### PROBLEM DESCRIPTION
Repeat all the data exactly, and where a record holds a picture, leave that picture out.

*** RECORDS TO USE ***

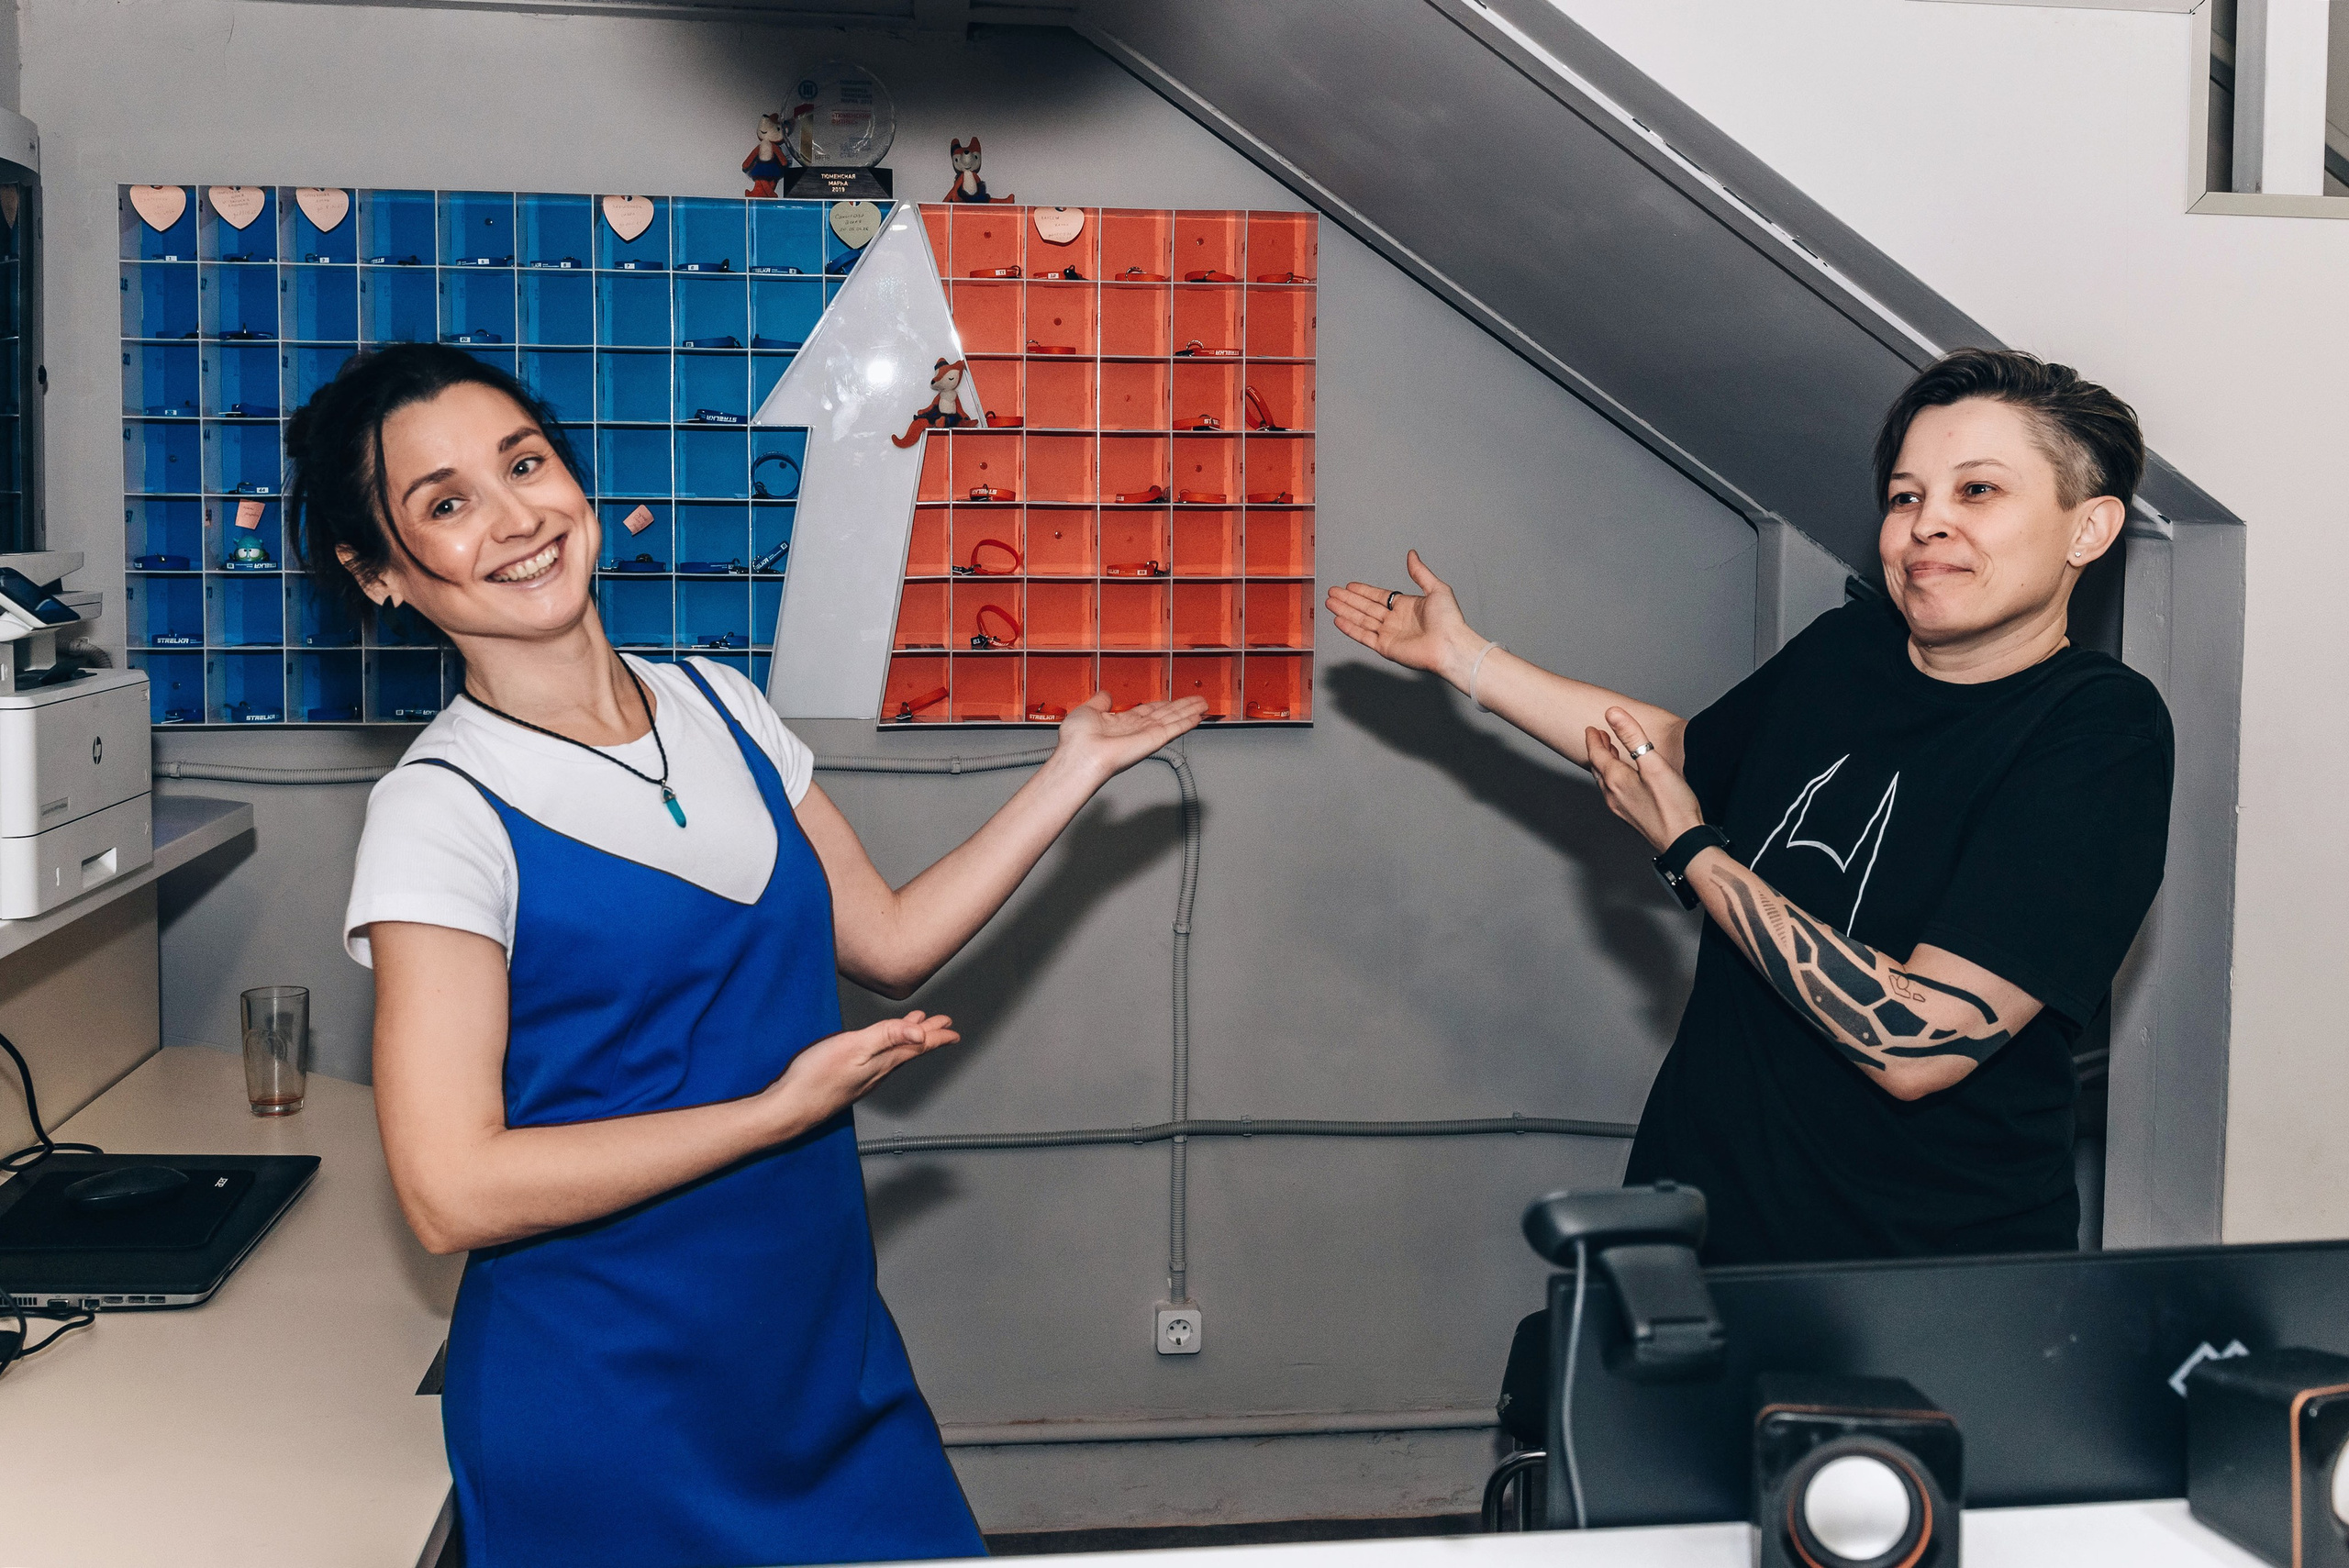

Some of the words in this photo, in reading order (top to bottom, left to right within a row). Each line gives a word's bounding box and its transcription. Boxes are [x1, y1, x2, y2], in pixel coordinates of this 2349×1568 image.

[120, 277, 128, 291] 16
[122, 352, 130, 366] 30
[122, 428, 131, 441] 43
[203, 428, 211, 441] 44
[125, 509, 133, 523] 57
[126, 586, 134, 600] 72
[206, 586, 213, 599] 73
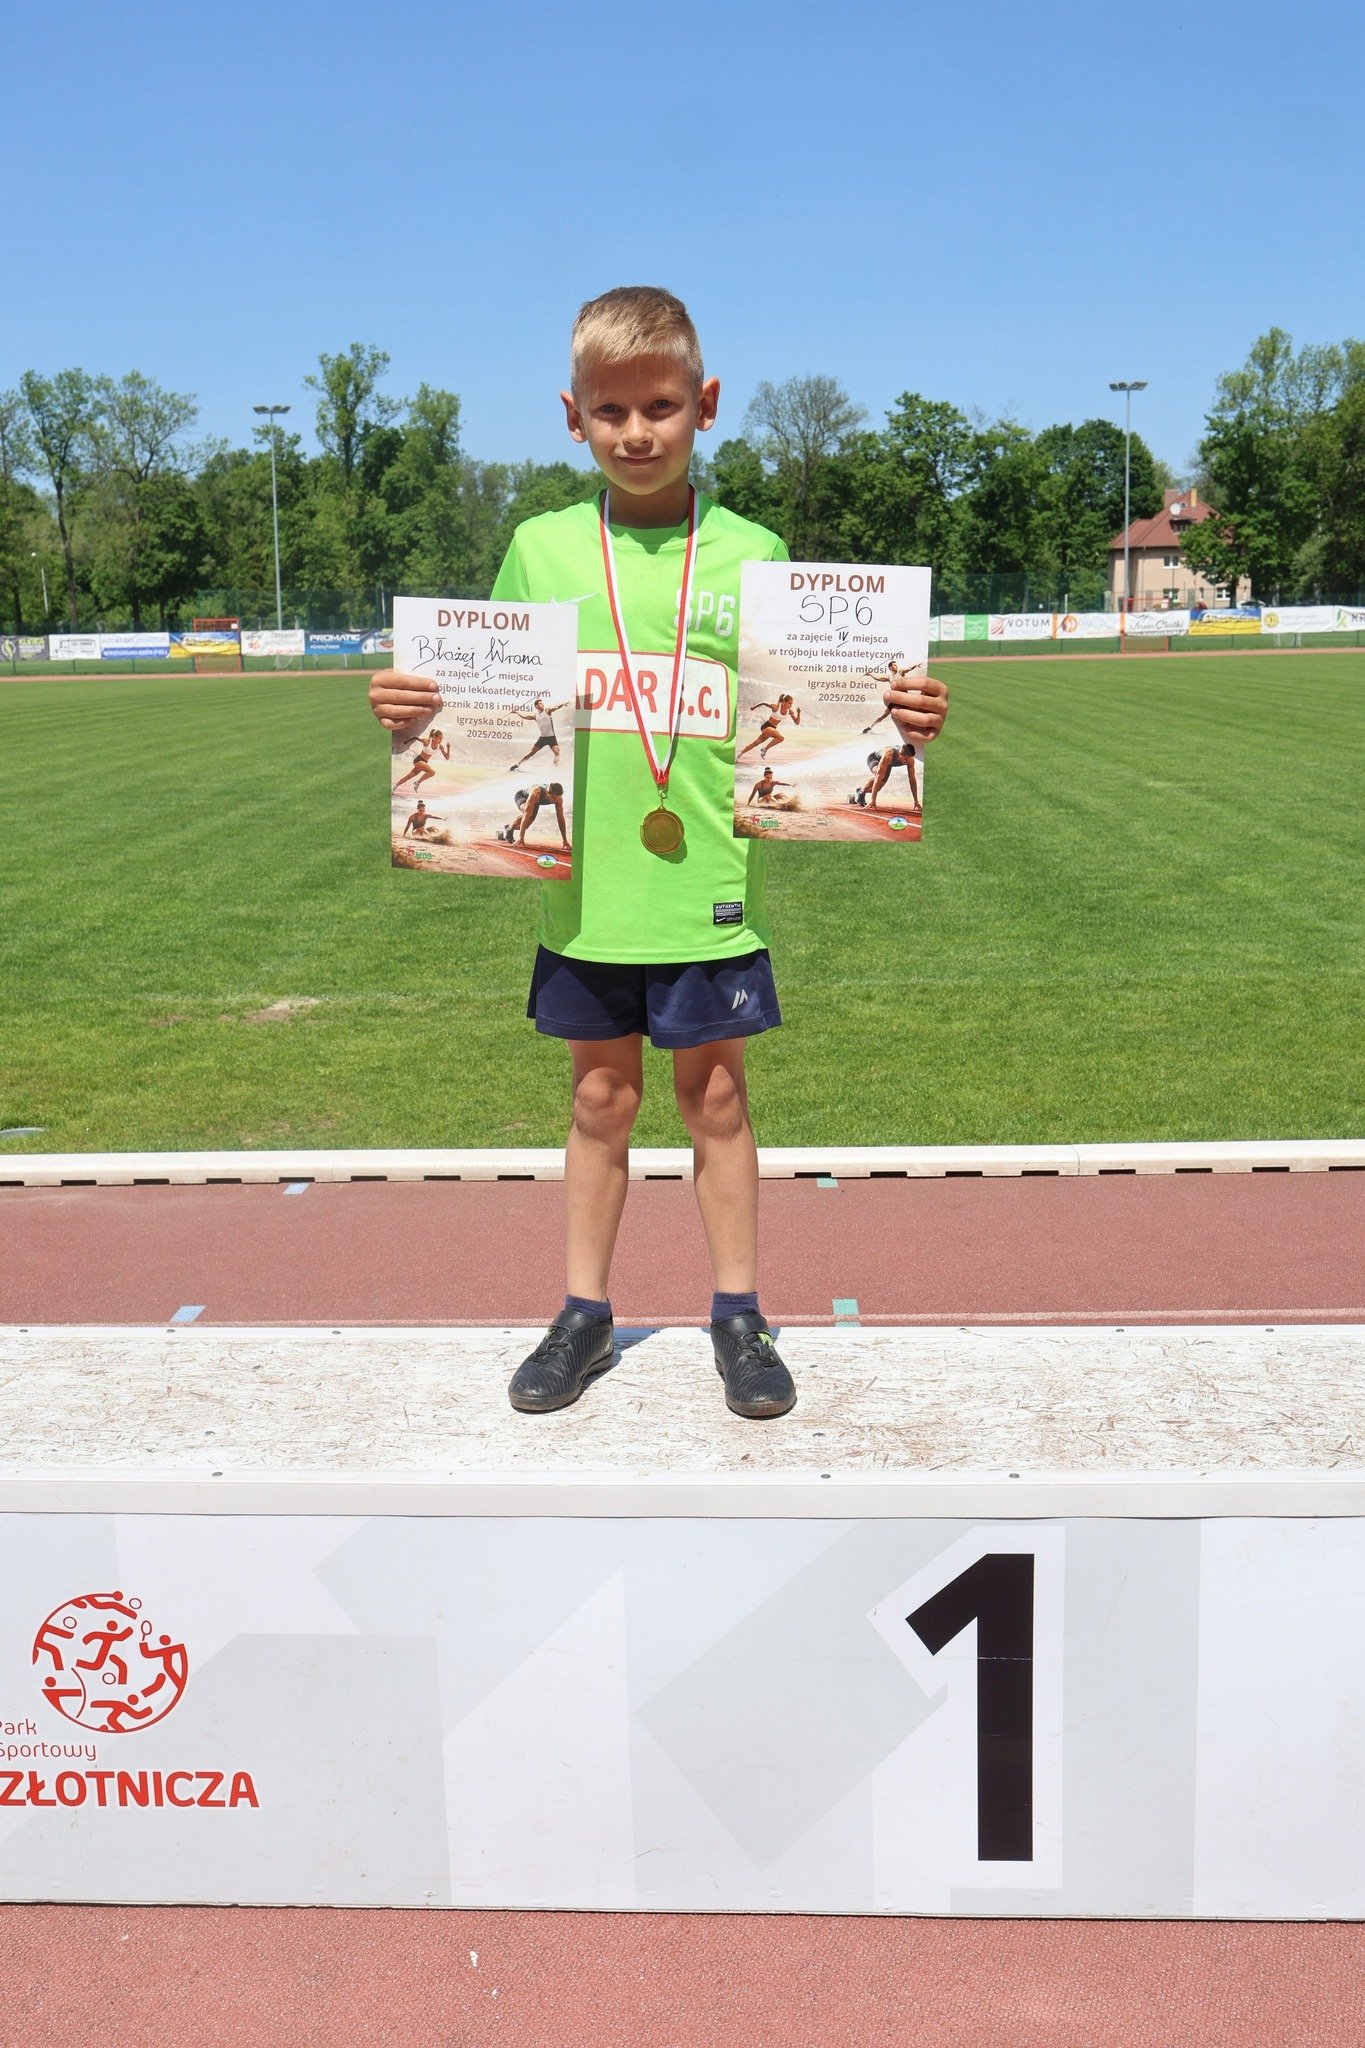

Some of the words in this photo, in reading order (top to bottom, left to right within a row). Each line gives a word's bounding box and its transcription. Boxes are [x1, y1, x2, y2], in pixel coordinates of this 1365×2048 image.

[790, 572, 885, 593] DYPLOM
[674, 588, 736, 637] SP6
[799, 594, 873, 626] SP6
[437, 609, 530, 631] DYPLOM
[1008, 619, 1049, 627] VOTUM
[309, 633, 361, 642] PROMATIC
[787, 633, 798, 641] za
[799, 632, 833, 643] zajęcie
[852, 634, 889, 645] miejsca
[411, 635, 476, 672] Błażej
[769, 648, 778, 656] w
[779, 647, 819, 659] trójboju
[820, 649, 905, 661] lekkoatletycznym
[435, 669, 446, 677] za
[448, 668, 480, 680] zajęcie
[498, 672, 534, 682] miejsca
[788, 664, 824, 673] rocznik
[826, 664, 848, 673] 2018
[855, 665, 887, 675] młodsi
[807, 679, 847, 690] Igrzyska
[849, 681, 877, 690] Dzieci
[468, 685, 551, 699] lekkoatletycznym
[818, 693, 866, 703] 2025/2026
[442, 700, 471, 709] ocznik
[473, 701, 495, 711] 2018
[502, 702, 534, 712] młodsi
[456, 716, 494, 727] Igrzyska
[496, 718, 524, 728] Dzieci
[466, 729, 513, 740] 2025/2026
[905, 1553, 1034, 1862] 1
[0, 1718, 37, 1735] ark
[0, 1771, 260, 1808] ZŁOTNICZA
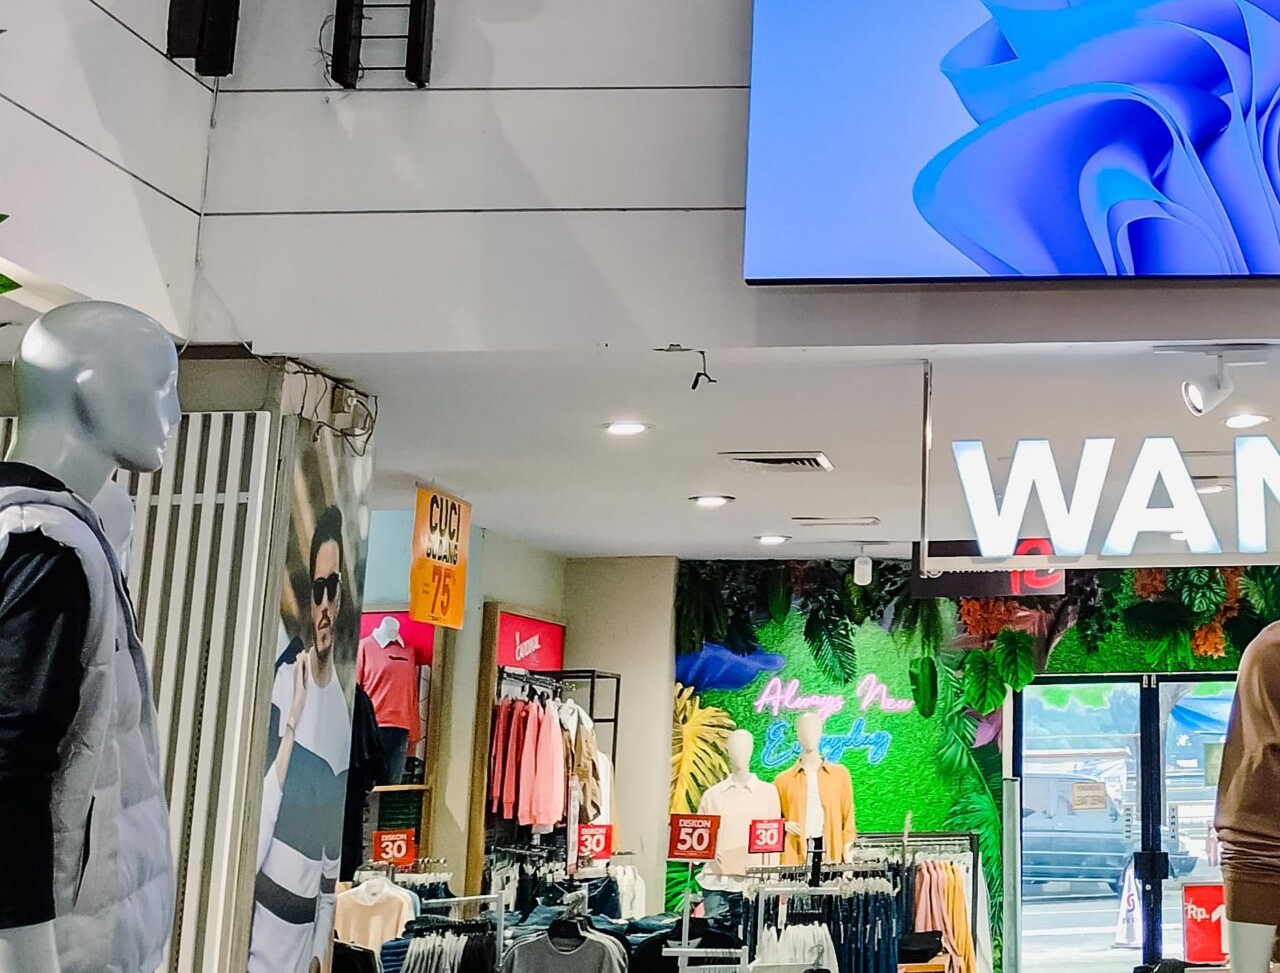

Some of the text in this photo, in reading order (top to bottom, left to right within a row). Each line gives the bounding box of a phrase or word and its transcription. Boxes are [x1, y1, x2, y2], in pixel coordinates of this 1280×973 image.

*** End of RECORDS TO USE ***

### EXPECTED OUTPUT
Some of the words in this photo, in reading order (top to bottom, left to right within a row). Each line gives a word's bounding box and its transcription. Boxes are [x1, y1, x2, y2], in pixel coordinates of this 2349×1568 image.

[120, 277, 128, 291] 16
[122, 352, 130, 366] 30
[122, 428, 131, 441] 43
[203, 428, 211, 441] 44
[125, 509, 133, 523] 57
[126, 586, 134, 600] 72
[206, 586, 213, 599] 73

Some of the words in this photo, in reading order (top to bottom, left to right within a row). Each line gives a word's bounding box and its transcription. Boxes are [x1, y1, x2, y2], in pixel coordinates of this 1365×2048 image.

[790, 572, 885, 593] DYPLOM
[674, 588, 736, 637] SP6
[799, 594, 873, 626] SP6
[437, 609, 530, 631] DYPLOM
[1008, 619, 1049, 627] VOTUM
[309, 633, 361, 642] PROMATIC
[787, 633, 798, 641] za
[799, 632, 833, 643] zajęcie
[852, 634, 889, 645] miejsca
[411, 635, 476, 672] Błażej
[769, 648, 778, 656] w
[779, 647, 819, 659] trójboju
[820, 649, 905, 661] lekkoatletycznym
[435, 669, 446, 677] za
[448, 668, 480, 680] zajęcie
[498, 672, 534, 682] miejsca
[788, 664, 824, 673] rocznik
[826, 664, 848, 673] 2018
[855, 665, 887, 675] młodsi
[807, 679, 847, 690] Igrzyska
[849, 681, 877, 690] Dzieci
[468, 685, 551, 699] lekkoatletycznym
[818, 693, 866, 703] 2025/2026
[442, 700, 471, 709] ocznik
[473, 701, 495, 711] 2018
[502, 702, 534, 712] młodsi
[456, 716, 494, 727] Igrzyska
[496, 718, 524, 728] Dzieci
[466, 729, 513, 740] 2025/2026
[905, 1553, 1034, 1862] 1
[0, 1718, 37, 1735] ark
[0, 1771, 260, 1808] ZŁOTNICZA

Some of the text in this photo, in reading order (top to bottom, left to right within a row). Each line gives the bounding box of a phrase or word and its transcription. Boxes are [x1, y1, x2, y2], in pixel coordinates of this 1280×973 image.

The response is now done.